Skip to main content

Prerequisites

Sign up for a free Fish Audio account to get started with our API.
  1. Go to fish.audio/auth/signup
  2. Fill in your details to create an account, complete steps to verify your account.
  3. Log in to your account and navigate to the API section
Once you have an account, you’ll need an API key to authenticate your requests.
  1. Log in to your Fish Audio Dashboard
  2. Navigate to the API Keys section
  3. Click “Create New Key” and give it a descriptive name, set a expiration if desired
  4. Copy your key and store it securely
Keep your API key secret! Never commit it to version control or share it publicly.

Overview

WebSocket streaming enables real-time text-to-speech generation, perfect for conversational AI, live captioning, and streaming applications.

Basic Streaming

Stream text and receive audio in real-time:
import { FishAudioClient, RealtimeEvents } from "fish-audio";
import { writeFile } from "fs/promises";
import path from "path";

// Simple async generator that yields text chunks
async function* makeTextStream() {
  const chunks = [
    "Hello from Fish Audio! ",
    "This is a realtime text-to-speech test. ",
    "We are streaming multiple chunks over WebSocket.",
  ];
  for (const chunk of chunks) {
    yield chunk;
  }
}

const fishAudio = new FishAudioClient({ apiKey: process.env.FISH_API_KEY });

// For realtime, set text to "" and stream the content via makeTextStream
const request = { text: "" };

const connection = await fishAudio.textToSpeech.convertRealtime(request, makeTextStream());

// Collect audio and write to a file when the stream ends
const chunks: Buffer[] = [];
connection.on(RealtimeEvents.OPEN, () => console.log("WebSocket opened"));
connection.on(RealtimeEvents.AUDIO_CHUNK, (audio: unknown): void => {
  if (audio instanceof Uint8Array || Buffer.isBuffer(audio)) {
    chunks.push(Buffer.from(audio));
  }
});
connection.on(RealtimeEvents.ERROR, (err) => console.error("WebSocket error:", err));
connection.on(RealtimeEvents.CLOSE, async () => {
  const outPath = path.resolve(process.cwd(), "out.mp3");
  await writeFile(outPath, Buffer.concat(chunks));
  console.log("Saved to", outPath);
});
Set text: "" in the request when streaming.

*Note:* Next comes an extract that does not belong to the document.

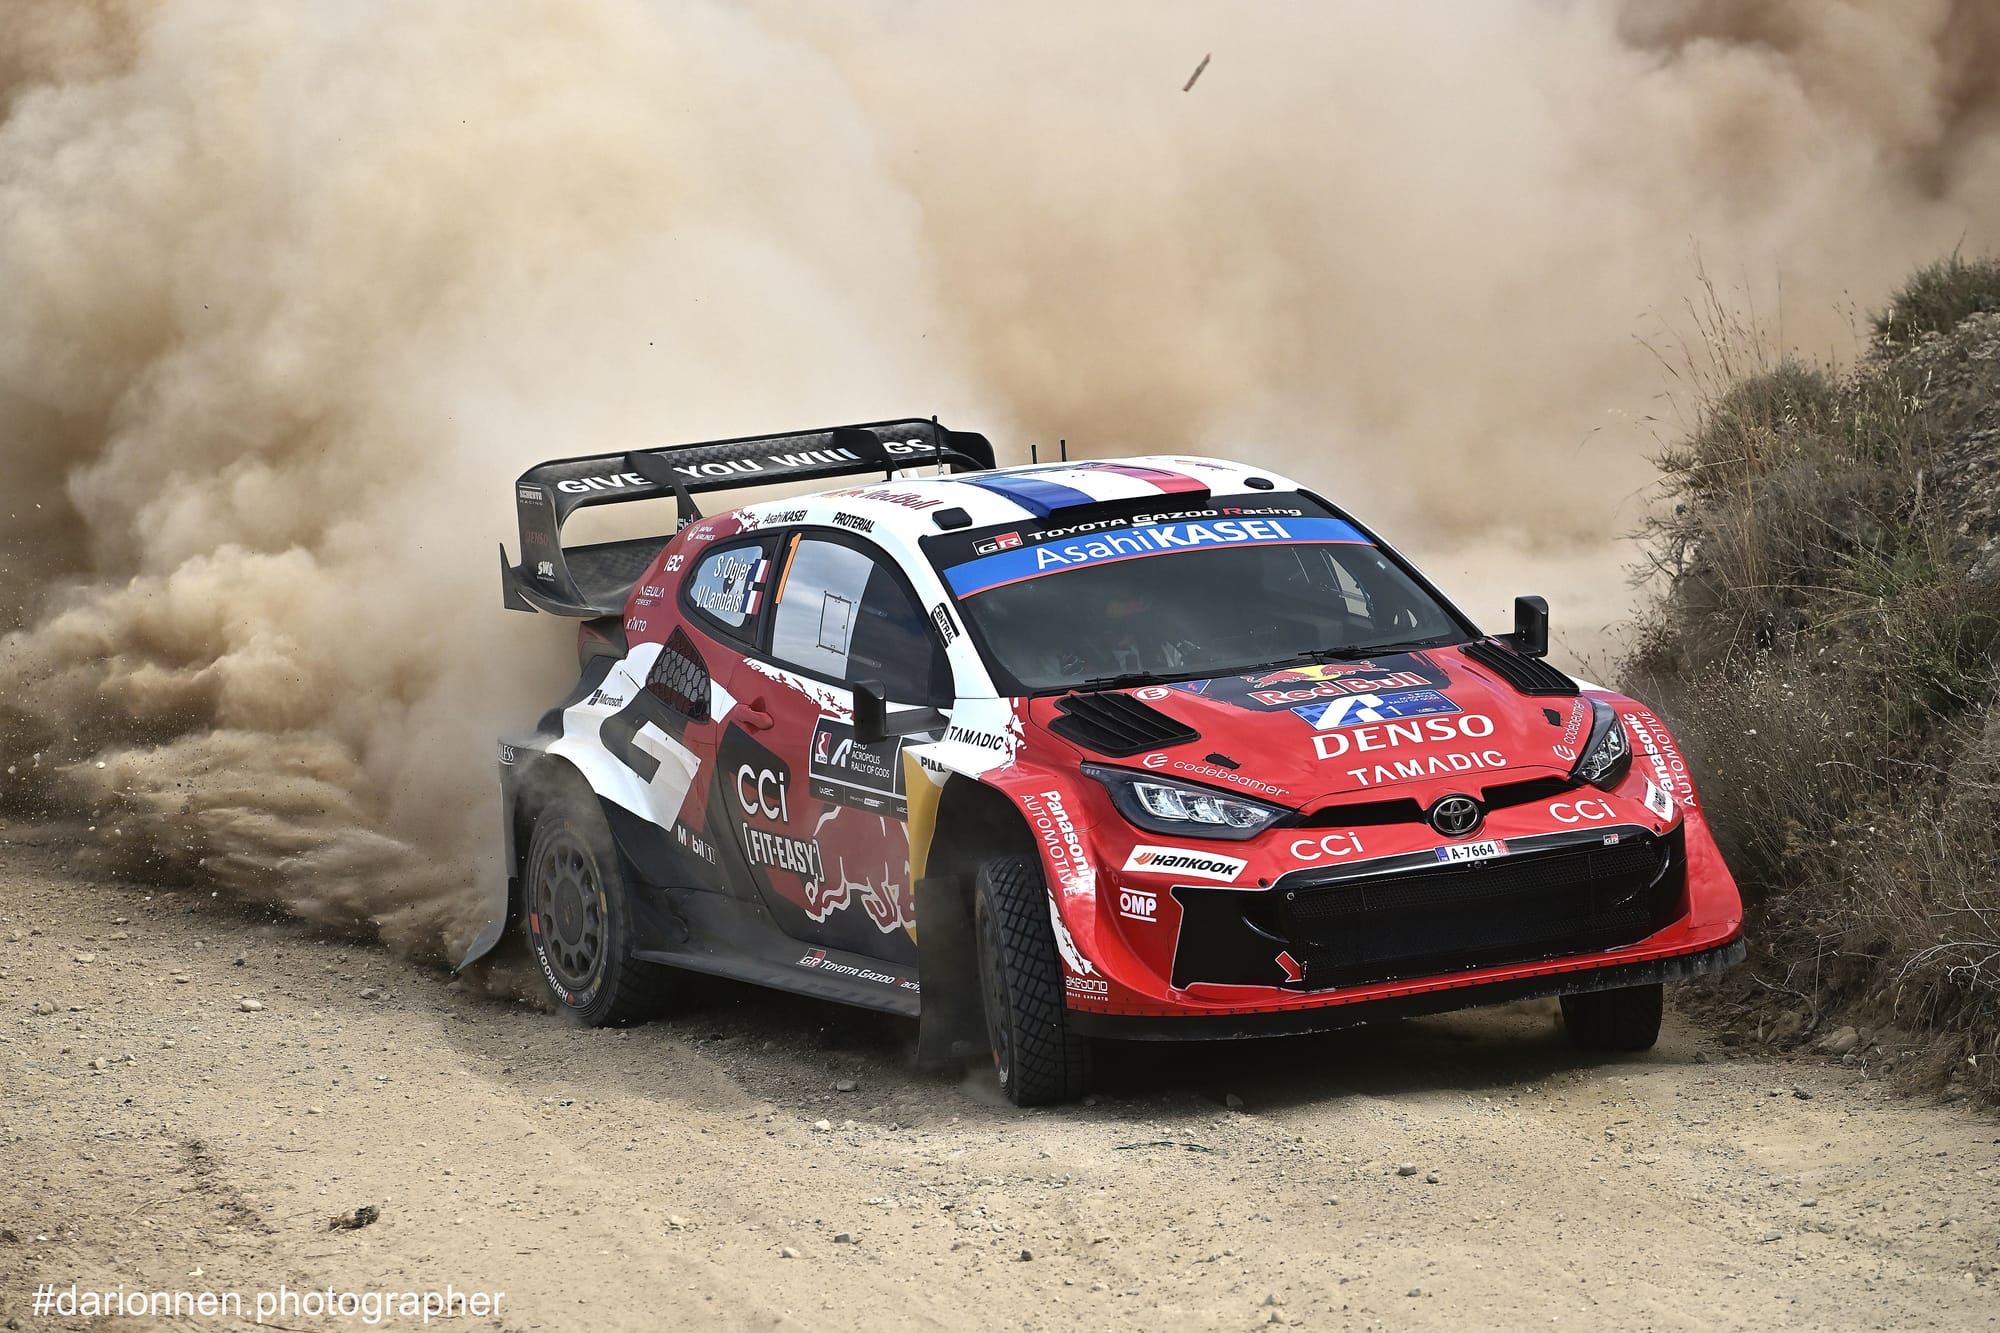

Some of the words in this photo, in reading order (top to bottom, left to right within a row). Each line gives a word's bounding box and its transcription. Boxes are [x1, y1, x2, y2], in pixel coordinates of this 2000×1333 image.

The actual text comes from your text stream generator.

Using Voice Models

Stream with a specific voice:
const request = {
  text: "",                // Empty for streaming
  reference_id: "your_model_id",
  format: "mp3",
};

const conn = await fishAudio.textToSpeech.convertRealtime(request, makeTextStream());
conn.on(RealtimeEvents.AUDIO_CHUNK, () => { /* handle audio */ });

Dynamic Text Generation

Stream text as it’s generated:
async function* generateText() {
  const responses = [
    "Processing your request...",
    "Here's what I found:",
    "The answer is 42.",
  ];
  for (const response of responses) {
    for (const word of response.split(" ")) {
      yield word + " ";
      await new Promise(r => setTimeout(r, 20));
    }
  }
}

await fishAudio.textToSpeech.convertRealtime({ text: "" }, generateText());

Line-by-Line Processing

Stream text line by line:
import { createReadStream } from "fs";
import readline from "readline";

async function* readFileLines(filepath: string) {
  const rl = readline.createInterface({ input: createReadStream(filepath) });
  for await (const line of rl) {
    yield line.trim() + " ";
  }
}

await fishAudio.textToSpeech.convertRealtime({ text: "" }, readFileLines("story.txt"));

Errors

Handle connection errors via event listeners:
connection.on(RealtimeEvents.ERROR, (err) => {
  console.error("WebSocket error:", err);
  // Fallback to regular TTS or retry
});

Configuration

Customize WebSocket behavior by configuring the client:
// Custom endpoint
const fishAudio = new FishAudioClient({
  apiKey: process.env.FISH_API_KEY,
  baseUrl: "https://api.fish.audio", // Use a proxy/custom endpoint if needed
});

// Select backend model
const conn = await fishAudio.textToSpeech.convertRealtime(
  request,
  makeTextStream(),
  backend: "s1"
);

Best Practices

  1. Chunk Size: Yield text in natural phrases for best prosody
  2. Buffer Management: Process audio chunks immediately to avoid memory buildup
  3. Connection Reuse: Keep WebSocket sessions alive for multiple streams
  4. Error Recovery: Implement retry logic for connection failures
  5. Format Selection: Use PCM for real-time playback, MP3 for storage

Events

The connection emits these events:
EventDescription
OPENWebSocket connection established
AUDIO_CHUNKAudio chunk received (Uint8Array)
ERRORError occurred on the connection
CLOSEConnection closed